My family had decided to postpone giving Christmas gifts to each other until my mother got better. She did recover somewhat after leaving the hospital. She was very frail, needing an oxygen tank and constant care. But something left her when she came out of her coma and I never saw that energy, that will, that hope again. Her heart gave out shortly after she came home for the last time. We never got to share our gifts with her.
My family put off exchanging our gifts as long as we could. We knew that Mom had specially-picked out these gifts for us and these would be the last gifts we’d ever get from her. She loved Christmas – especially the joy of the season, cooking for others and spending time with family. Christmas was her time. I can’t help but think of my mother when it’s Christmas time. I’ll always think of my mother at Christmas time. Opening her last Christmas gifts to me would be tough.
I decided that I had to open them alone. I didn’t want anyone to see me when I saw what she got me. So I asked my family if I could just take the gifts home with me. When I finally opened them at home, I did better than I expected. I chuckled at the calendars she got me that were out-of-date now. Some of the gift cards she got me had pretty much expired. I smiled at what she got me and thought about the good times we had together, not the bad time at the end of her life.
But it was the socks that did me in.
My mother got me socks for Christmas. My mother always got me socks every Christmas. She always said her boy needed good socks. I hadn’t been a boy in years. I had all the socks I could ever need in a lifetime. If no one ever buys me socks again, I’ll be just fine with the stockpile of socks my mother has given me over the years. But my mother bought me one last batch of socks for Christmas.

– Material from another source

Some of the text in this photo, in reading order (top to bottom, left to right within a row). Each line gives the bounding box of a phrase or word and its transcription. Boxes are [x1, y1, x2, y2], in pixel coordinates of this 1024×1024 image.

And when I opened them, I cried and cried and cried.
Momma bought me socks because she wanted to show me how much she loved taking care of me and how much she loved being my mother … from when I was a needy, little boy to after I had become a successful, self-sufficient man. And I tried to show her how much I loved her by trying to become a man she could be proud of, a man with a unique blend of strength and sensitivity, a man who people looked forward to being with just as much as people looked forward to being with my mother.
They were just socks. They shouldn’t have made me cry that way. You’d think after 40 years, I’d be used to getting them from Mom.

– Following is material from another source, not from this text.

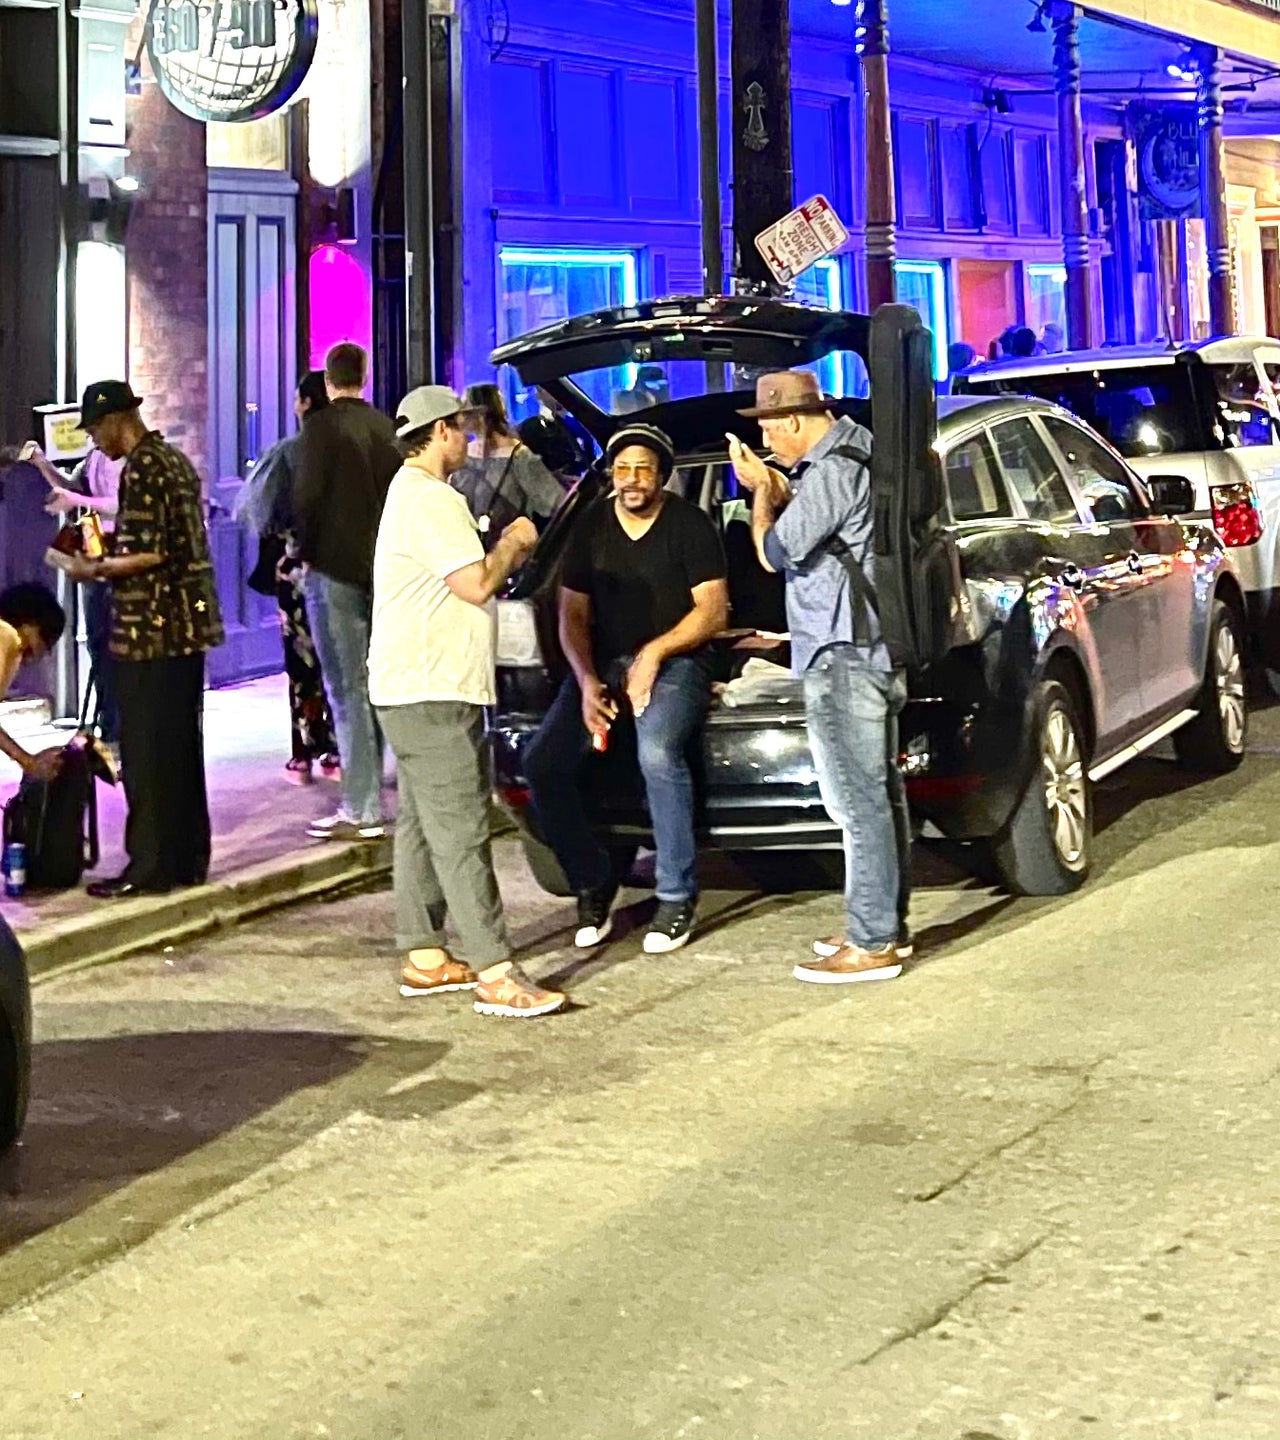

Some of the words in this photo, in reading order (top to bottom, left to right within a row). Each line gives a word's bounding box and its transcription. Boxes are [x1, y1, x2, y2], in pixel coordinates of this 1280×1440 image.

But they weren’t just socks. They reminded me that my mother’s love for me never changed, never waned, still hasn’t stopped. “Christopher Brandon,” she’d say. “I’m so proud of you.” She’d tell me that right now if I could hear her voice.
I could open a sock store with all of the socks my mother has bought me over the years, but they’ll all wear out eventually. However, as long as I live, I’ll always remember that my mother loved me more than anything in this world. And I’ll never, ever, stop trying to make her proud of me.